8.29.2012

Weather men? No...Weather sissies.

In the wake of Isaac's landfall, the weather has certainly become a topic of interest amidst common conversation. Normally, we all do a quick glance of the weather forecast, some of which prepare accordingly, some not so much. Unless there is some weather extreme or phenomenon happening, it's left at just that. I don't really think that, "It's hot as shit out here!" would really stir up a full-on discussion. Even if it led to that, the heat somewhat speaks for itself in that scenario, and then it's just a series of pointing out the obvious. No, what I'm more interested in is more of the preparation aspect of inclement weather, or lack thereof. I truly believe preparedness is based primarily on region, and not only based on landscape. I've lived for extended periods of time in New York, and more recently Virginia. Don't let that seven hour drive fool you, because they are worlds apart.

First of all, I do pray that the people in the affected area face as little harm and destruction as possible. As Isaac gained strength while taking the same path as Katrina, it is completely understandable that those people would hit the proverbial panic button and go into an intense freak-out mode. The last thing that area needs is a few more steps back in the ongoing recovery from the devastation that took place seven years ago. Seven years ago to the day, no less. Pretty awful reminder, don't you think? So for that, Isaac...you're a dick. I know thousands of people would agree with me.

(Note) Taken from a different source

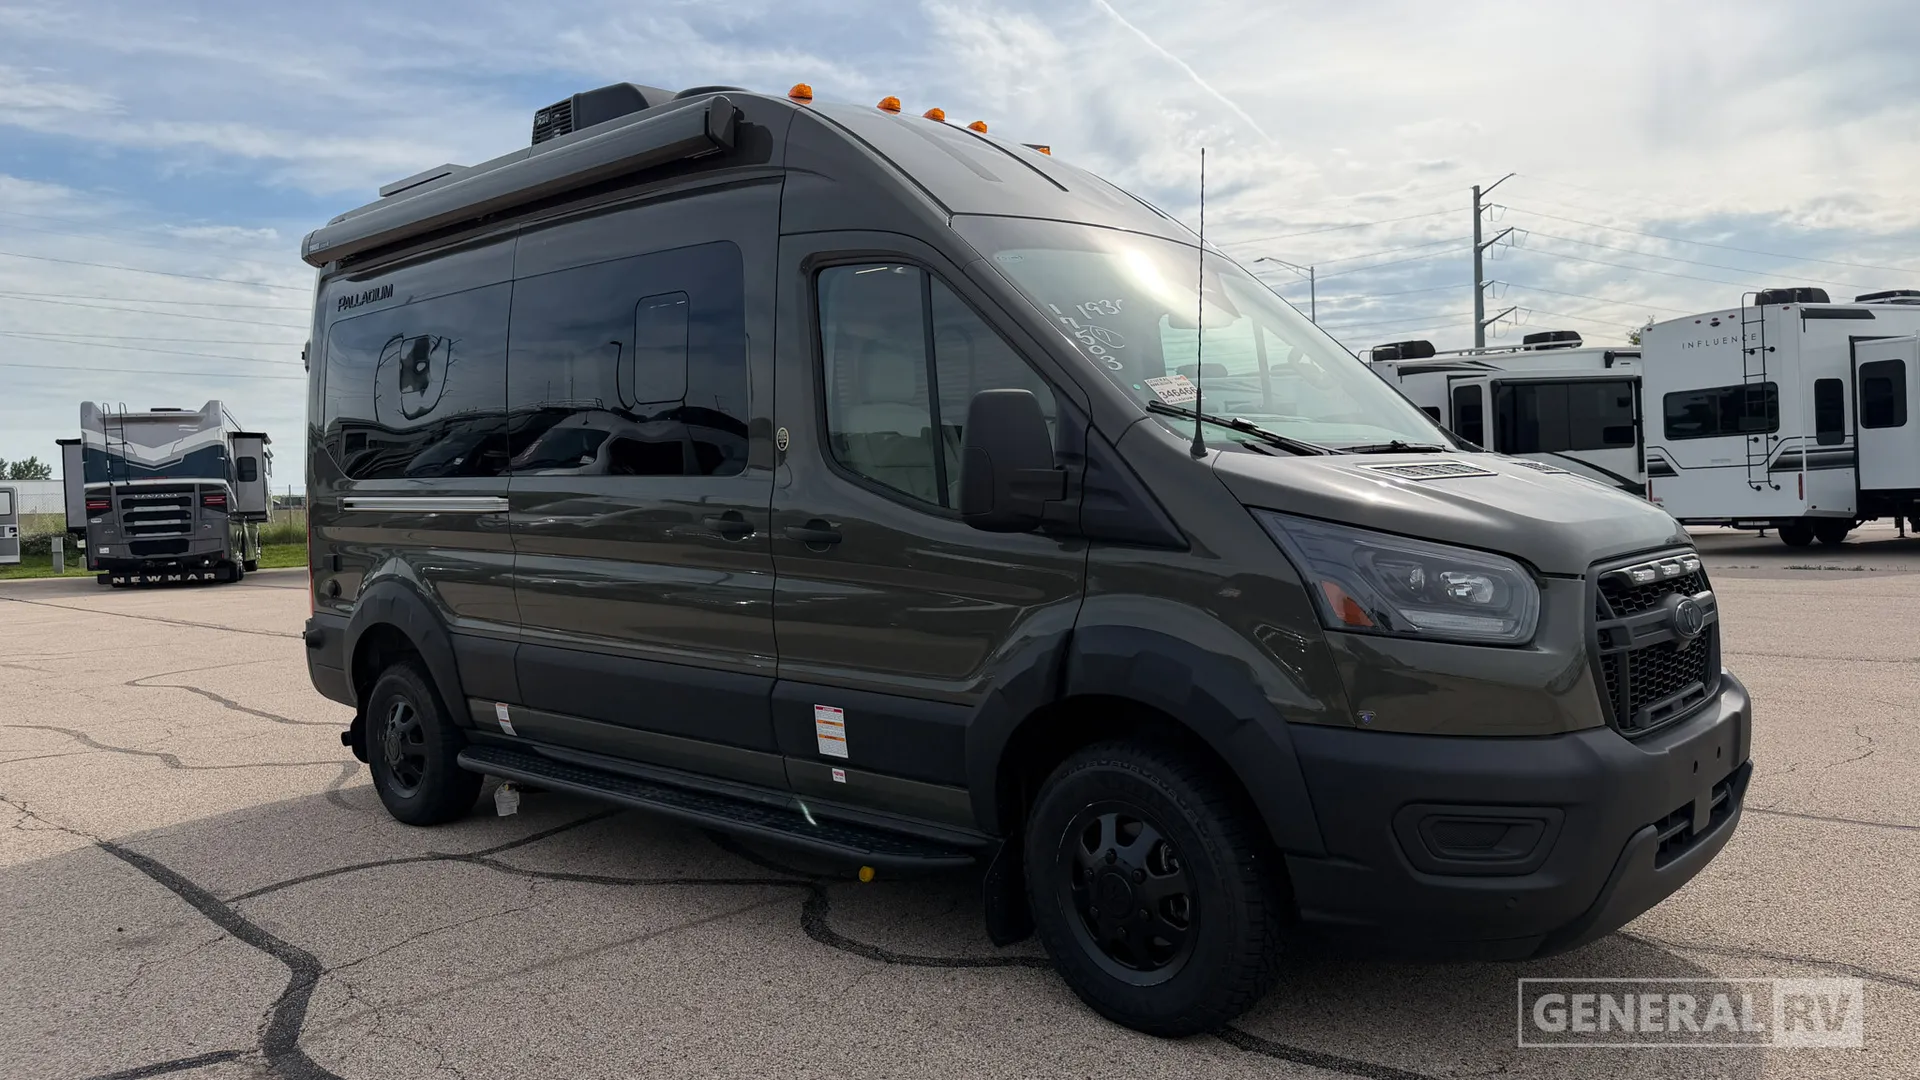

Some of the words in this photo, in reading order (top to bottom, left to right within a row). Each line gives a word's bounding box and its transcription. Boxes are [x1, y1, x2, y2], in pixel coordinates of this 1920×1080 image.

[338, 284, 394, 312] PALLADIUM
[1682, 333, 1757, 349] INFLUENCE
[113, 573, 216, 584] NEWMAR

"As you can see in this graphic, Isaac is really being a complete dick. 
He has no friends, and his parents don't even love him." - Weather Guy

A whole slew of people will acknowledge my findings based on their own experiences in the areas I've lived. The rest of you are the ones guilty of causing the mass hysteria in situations that are relatively harmless. Yea, I said it. Now apologize. Oh, you're going to be stubborn? Fine, I can wait...

...

...you are forgiven. This time. Anyway, I have gathered that not only are the methods to limit the inconvenience left by a major storm significantly different, but also the reactions and general mindset of people in the days leading up to said event. Allow me to elaborate.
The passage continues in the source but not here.